For your main course there’s a bag of rancid ham on the back seat. It’s been there for a few days and it’s great stuff. The other day me and my mate Violent Clive had a bit and I don’t know what was wrong with it but it made us both go bonkers. Violent Clive ate his own legs and I crawled under a bus and travelled through time. We ended up staying awake for about 80 consecutive hours. I was pretty convinced that my heart was going to explode. Amazing.
And if you’re anything at all like me then you’ll usually be happy chewing slugs out of your own fur for dessert. All in all a pretty great night out. Bring the missus. Treat her.

St James’ Park at Night
As most of us are aware, David Cameron prowls the area around Whitehall by night and feasts on the flesh and souls of London’s wildlife. So not the safest place to be, but if you enjoy a bit of jeopardy with your food then you can do a lot worse than St James’ Park at around 4 or 5 am.

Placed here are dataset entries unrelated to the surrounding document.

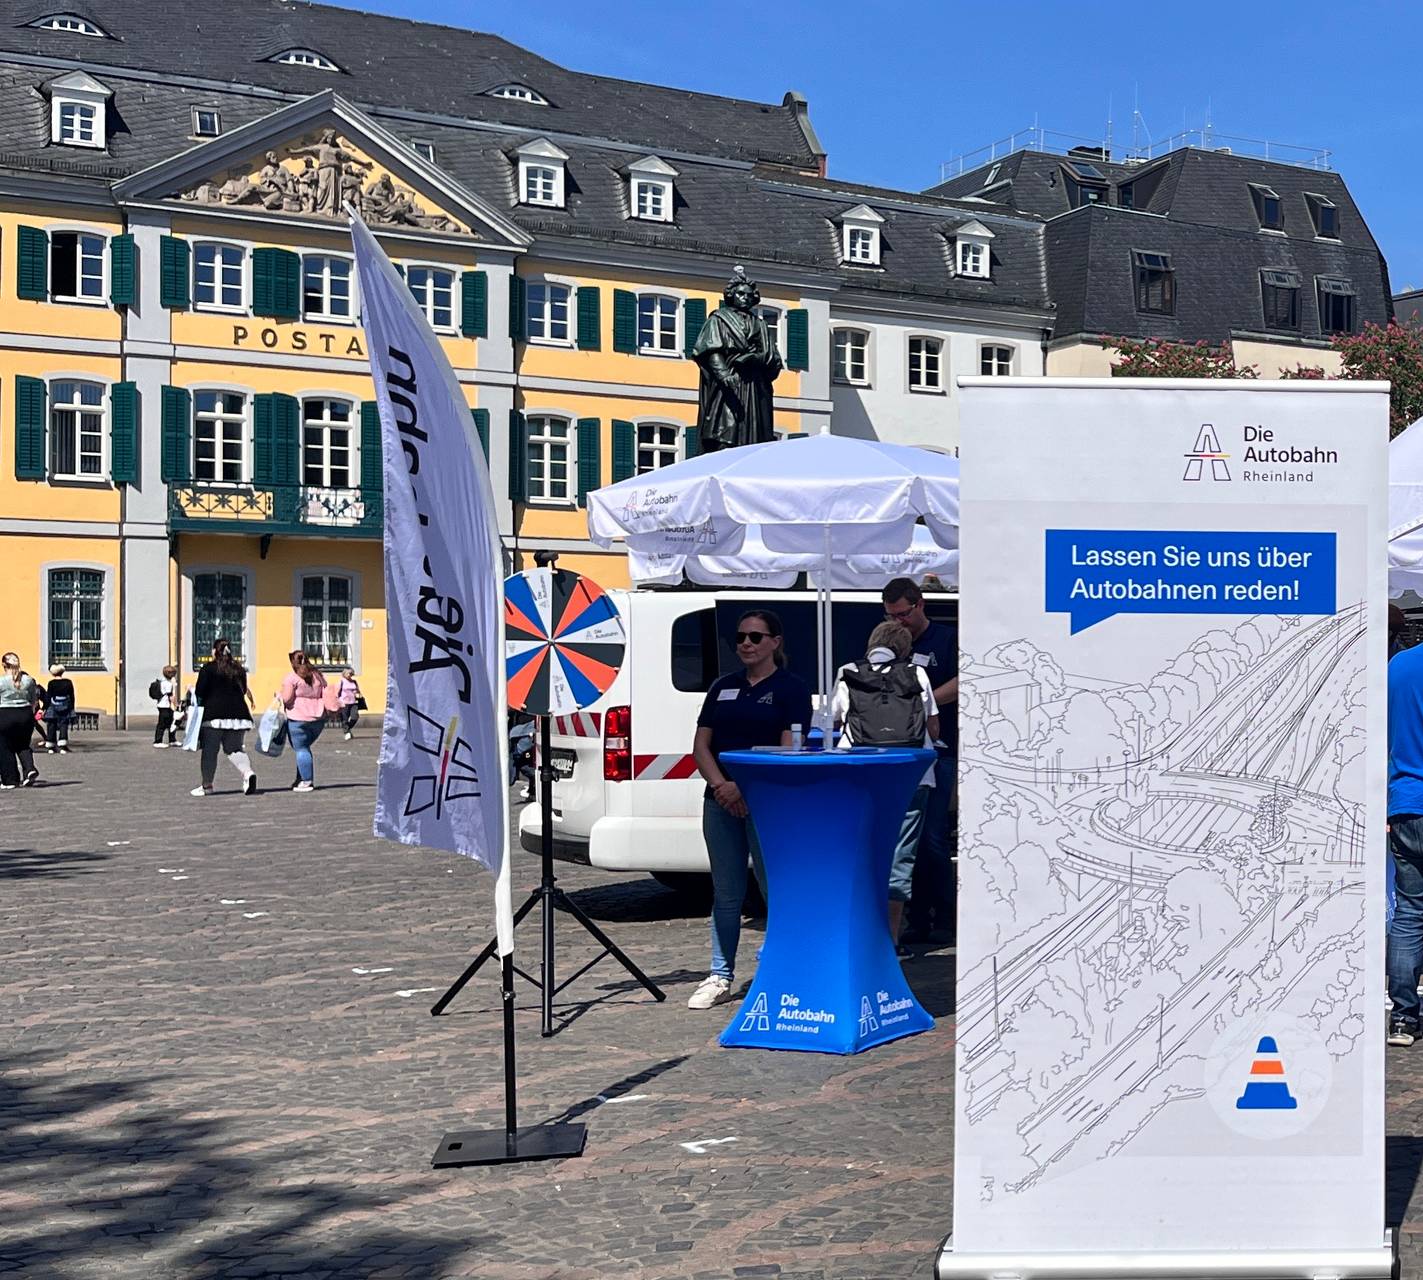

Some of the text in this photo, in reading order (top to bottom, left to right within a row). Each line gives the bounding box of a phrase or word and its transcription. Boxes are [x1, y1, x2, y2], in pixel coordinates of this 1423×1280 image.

[233, 325, 364, 356] POSTA
[1244, 425, 1274, 442] Die
[1244, 446, 1338, 463] Autobahn
[1243, 471, 1314, 482] Rheinland
[1071, 544, 1313, 568] Lassen Sie uns über
[1070, 577, 1299, 601] Autobahnen reden!
[780, 993, 800, 1007] Die
[876, 990, 889, 1004] Die
[879, 997, 914, 1016] Autobahn
[778, 1007, 835, 1024] Autobahn
[775, 1022, 819, 1034] Rheinland

Cameron usually hunts in the nude between the hours of 3 and 4 am. He moves around the parks and alleys on his belly (sort of like a python) and catches his prey by firing a web-like substance from his mouth. The whole nasty business is almost as terrifying to behold as it is to become victim of which is why I’d advise not arriving too early. Often Cameron will ‘over-hunt’, so usually if you turn up shortly after his killing spree there is a pretty decent spread on offer, and one which any true Londoner should encounter.

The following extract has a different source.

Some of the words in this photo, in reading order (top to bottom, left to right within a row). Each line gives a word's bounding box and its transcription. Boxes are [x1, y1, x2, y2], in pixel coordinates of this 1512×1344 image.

If you’re lucky you’ll be treated to one of the pelicans which are left in the park as an avian sacrifice. The bird will be coated in Cameron’s web-goo which compliments the tender flesh of the bird like a makeshift batter. Salty and quite bitter, it certainly is an acquired taste, but one certainly worth experiencing for the adventurous diner.

Bathroom tiles

Stringfellows, Leicester Square, Soho
Ever licked jizz off bathroom tiles? You should. It’s not bad. Not bad at all.

Martin Clunes' bin
Martin Clunes lives in flat with ex-Spice Girl Emma Bunton in a rough part of Dalston. This is pretty much common knowledge. What isn’t common knowledge is the culinary jamboree usually on offer inside Clunes’ wheelie bin. Hammered rats, scorched dogs, ducks turned inside out and moth kebabs are just a few of the fucked up dishes often on offer in Clunes' bin.

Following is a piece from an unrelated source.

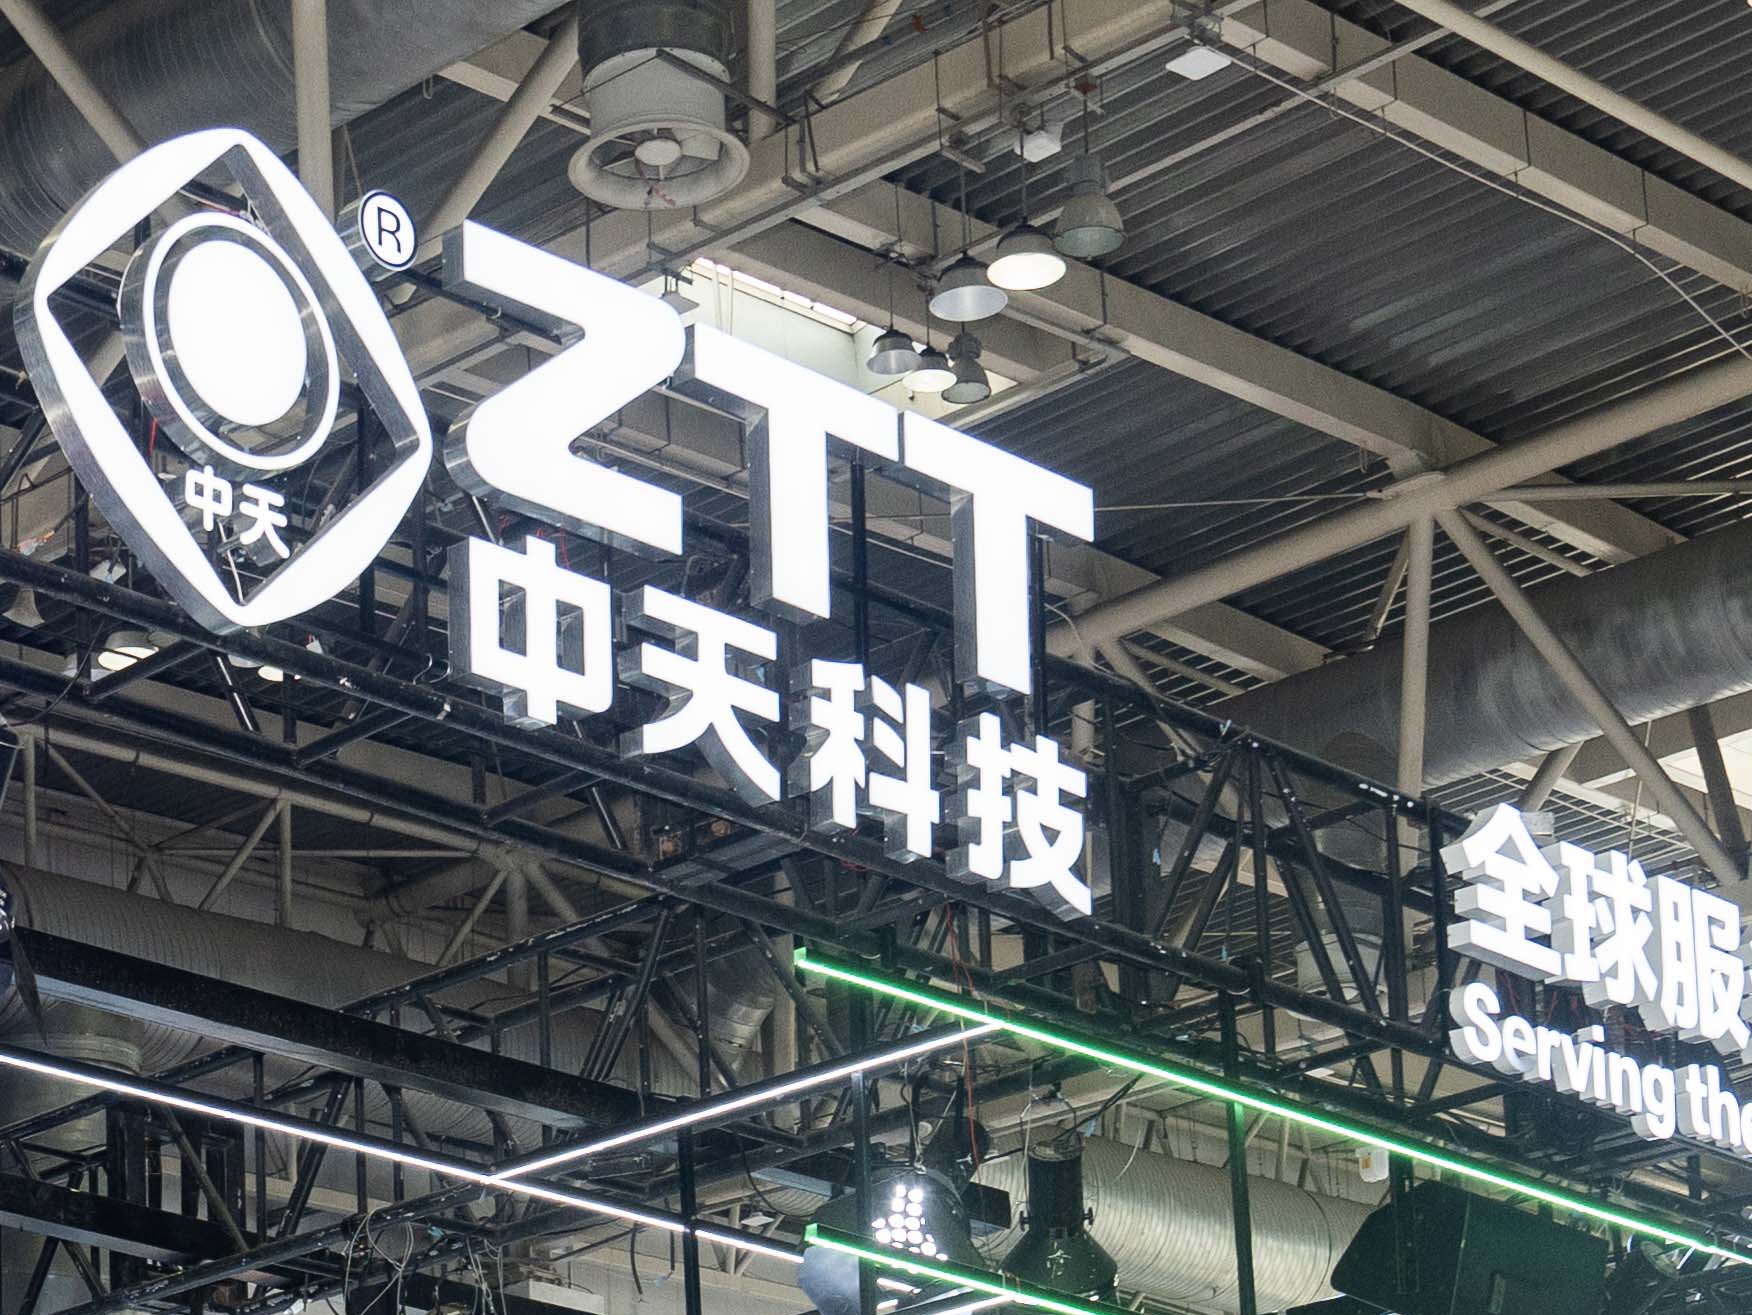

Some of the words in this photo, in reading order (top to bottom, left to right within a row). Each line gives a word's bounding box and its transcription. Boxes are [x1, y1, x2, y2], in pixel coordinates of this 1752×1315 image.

[184, 463, 290, 561] 中天
[451, 217, 1095, 696] ZTT
[461, 535, 1093, 917] 中天科技
[1454, 981, 1677, 1130] Serving

When it comes to butchering animals Clunes is an artist and a visionary (and perhaps slightly bordering on the psychopathic). If I had a pound for every time he’s tried to feed me broken glass or shoot me with his harpoon gun I’d be a very rich fox.  The fact is, is that Clunes gets a great deal of pleasure out of killing, torturing and mutilating the wildlife in London. Why? I don’t know. All I know is that his ‘objects d’art’ are a taste sensation. Have you ever eaten a terrapin that’s been force-fed a roman candle? No? Well you should because it really is the stuff of dreams. Get down there as soon as possible and enjoy this unique taste sensation before Martin Clunes gets banged up in prison again.